Gunman kills six including ex-wife and stepfather in Mississippi. In a tragic incident, a lone gunman identified as Richard Dale Crum killed six people, including his ex-wife and stepfather, in multiple shootings in rural northern Mississippi. The shootings took place on Friday in the tiny community of Arkabutla, leaving investigators searching for clues to what motivated the shocking rampage.
Armed with a shotgun and two handguns, the 52-year-old Crum opened fire at around 11 a.m. and killed a man in the driver’s seat of a pickup truck parked outside a convenience store in Arkabutla, near the Tennessee state line, according to Tate County Sheriff Brad Lance. Deputies were working the crime scene when a second 911 call alerted authorities to another shooting a few miles away.
After arriving at a home, they found Crum’s ex-wife shot dead and her current husband wounded. Deputies caught up with Crum outside his own home and arrested him. Behind the residence, they found two handymen slain by gunfire — one in the road, another in an SUV. Inside a neighboring home, they discovered the bodies of Crum’s stepfather and his stepfather’s sister.

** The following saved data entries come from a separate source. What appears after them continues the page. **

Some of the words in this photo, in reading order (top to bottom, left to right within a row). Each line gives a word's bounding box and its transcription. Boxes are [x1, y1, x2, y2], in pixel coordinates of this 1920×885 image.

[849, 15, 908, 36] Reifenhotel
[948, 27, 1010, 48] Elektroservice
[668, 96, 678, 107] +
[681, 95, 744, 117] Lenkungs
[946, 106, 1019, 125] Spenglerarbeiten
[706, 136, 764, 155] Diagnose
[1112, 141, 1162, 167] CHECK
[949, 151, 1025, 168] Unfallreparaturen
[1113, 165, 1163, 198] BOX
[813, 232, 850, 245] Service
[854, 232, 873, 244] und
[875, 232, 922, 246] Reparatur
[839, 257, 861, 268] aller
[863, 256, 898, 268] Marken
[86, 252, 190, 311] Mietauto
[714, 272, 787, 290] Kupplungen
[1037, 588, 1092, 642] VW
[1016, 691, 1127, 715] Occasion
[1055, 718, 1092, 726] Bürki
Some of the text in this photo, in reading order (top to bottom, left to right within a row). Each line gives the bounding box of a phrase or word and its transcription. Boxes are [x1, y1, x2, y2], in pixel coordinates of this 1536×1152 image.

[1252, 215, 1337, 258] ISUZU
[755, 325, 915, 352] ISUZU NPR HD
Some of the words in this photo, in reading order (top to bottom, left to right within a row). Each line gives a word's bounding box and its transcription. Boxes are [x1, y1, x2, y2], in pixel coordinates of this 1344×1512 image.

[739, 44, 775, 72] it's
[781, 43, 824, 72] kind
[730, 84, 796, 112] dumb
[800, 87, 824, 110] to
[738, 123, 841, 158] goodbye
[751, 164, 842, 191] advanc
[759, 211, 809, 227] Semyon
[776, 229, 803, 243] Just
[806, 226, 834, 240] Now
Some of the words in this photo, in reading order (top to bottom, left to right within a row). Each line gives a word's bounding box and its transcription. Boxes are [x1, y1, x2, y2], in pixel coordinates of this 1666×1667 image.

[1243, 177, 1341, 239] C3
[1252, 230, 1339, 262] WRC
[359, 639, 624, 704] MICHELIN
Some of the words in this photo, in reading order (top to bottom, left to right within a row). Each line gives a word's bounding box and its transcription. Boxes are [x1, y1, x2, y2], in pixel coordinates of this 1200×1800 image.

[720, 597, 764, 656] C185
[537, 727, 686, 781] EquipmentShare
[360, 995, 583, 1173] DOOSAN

“Everybody has crime, and from time to time we have violent crime, but certainly nothing of this magnitude,” Lance said in an interview. He added: “Without being able to say what triggered this, that’s the scary part.”
Crum was jailed without bond on a single charge of capital murder, and Lance said investigators were working to bring additional charges. It was not immediately known if Crum had an attorney who could speak on his behalf.
The killings stunned residents of Arkabutla, home to 285 people and located about 30 miles south of Memphis, Tennessee. An elementary school and a high school in nearby Coldwater both went on lockdown while the suspect was being sought, according to the Coldwater Elementary School Facebook page.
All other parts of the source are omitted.